Yet when not practicing, the body and mind are fine,
Being quite healthy while doing unwholesome things
And not caring about the next life:
So whether one receives poison Kor oneself,
Or "benefits" from the poison Kor of someone else -
Teachers say it's the same thing.

So Kor heaped on top of Kor,
A lama's Kor is multiplied over and over,
Until even dogs start "honoring" you.

If I really think hard about the meaning
Of this poison Kor, then I'm doing
Neither real Dharma practice nor worldly work.
I'm in between, wearing Dharma robes
Which cover this body of mine infested with poison Kor:
I'm like a pretend lion, having no essential qualities.

A TSA MA!
O dear, this really upsets me!

I have some idea how to avoid this poison Kor,
Which I've discovered through my precious Lord Guru's kindness.
This kind teacher is truly a Buddha,
His supreme qualities of three secret aspects [of body, voice and mind]
I, his fortunate student, can remember,
And with great respect I can follow his way.

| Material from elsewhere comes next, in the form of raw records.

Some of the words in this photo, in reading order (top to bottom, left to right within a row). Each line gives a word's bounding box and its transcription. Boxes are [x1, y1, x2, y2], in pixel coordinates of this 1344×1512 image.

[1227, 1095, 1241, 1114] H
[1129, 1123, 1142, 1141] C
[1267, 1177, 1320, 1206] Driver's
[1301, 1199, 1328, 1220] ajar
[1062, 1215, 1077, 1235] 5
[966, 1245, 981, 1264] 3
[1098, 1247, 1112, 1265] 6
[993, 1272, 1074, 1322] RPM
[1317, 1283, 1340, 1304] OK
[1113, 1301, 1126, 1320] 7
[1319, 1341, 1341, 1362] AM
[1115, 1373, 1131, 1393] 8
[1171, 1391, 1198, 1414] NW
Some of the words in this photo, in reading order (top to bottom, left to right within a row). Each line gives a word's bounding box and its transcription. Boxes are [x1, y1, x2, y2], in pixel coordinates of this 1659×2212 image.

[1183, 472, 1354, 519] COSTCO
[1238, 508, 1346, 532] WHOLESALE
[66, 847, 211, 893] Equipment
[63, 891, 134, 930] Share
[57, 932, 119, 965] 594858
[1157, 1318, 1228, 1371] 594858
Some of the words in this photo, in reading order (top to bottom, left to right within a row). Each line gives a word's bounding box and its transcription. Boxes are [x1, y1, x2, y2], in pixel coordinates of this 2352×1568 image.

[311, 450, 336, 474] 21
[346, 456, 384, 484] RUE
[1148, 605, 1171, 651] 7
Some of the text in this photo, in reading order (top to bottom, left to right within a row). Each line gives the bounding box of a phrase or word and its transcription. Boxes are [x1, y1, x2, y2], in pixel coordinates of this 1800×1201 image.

Oh precious Lord Guru, I call on you
To bestow your compassion!
Please don't let me fall into the pit of poisonous Kor!
May I be able to practice the Dharma like you!
Grant me blessings to accomplish my Dharma practice!

I have been nourished by the kindness of my father Guru
And many other teachers.
I have found the wisdom eye to discern
The difference between defects and qualities.
This achievement I realized through the kindness of my teachers.

However, regarding the path shown by the Buddha,
It is said: "Liberation depends totally on us."
So, accordingly, I understand that it's up to me
Whether I go for it or not.

Whoever doesn't take this path is no better than an ox.
Whoever does take this path is the best among humans.
I have the complete freedom to choose whatever I wish to do,
This is an amazingly rare chance I've got.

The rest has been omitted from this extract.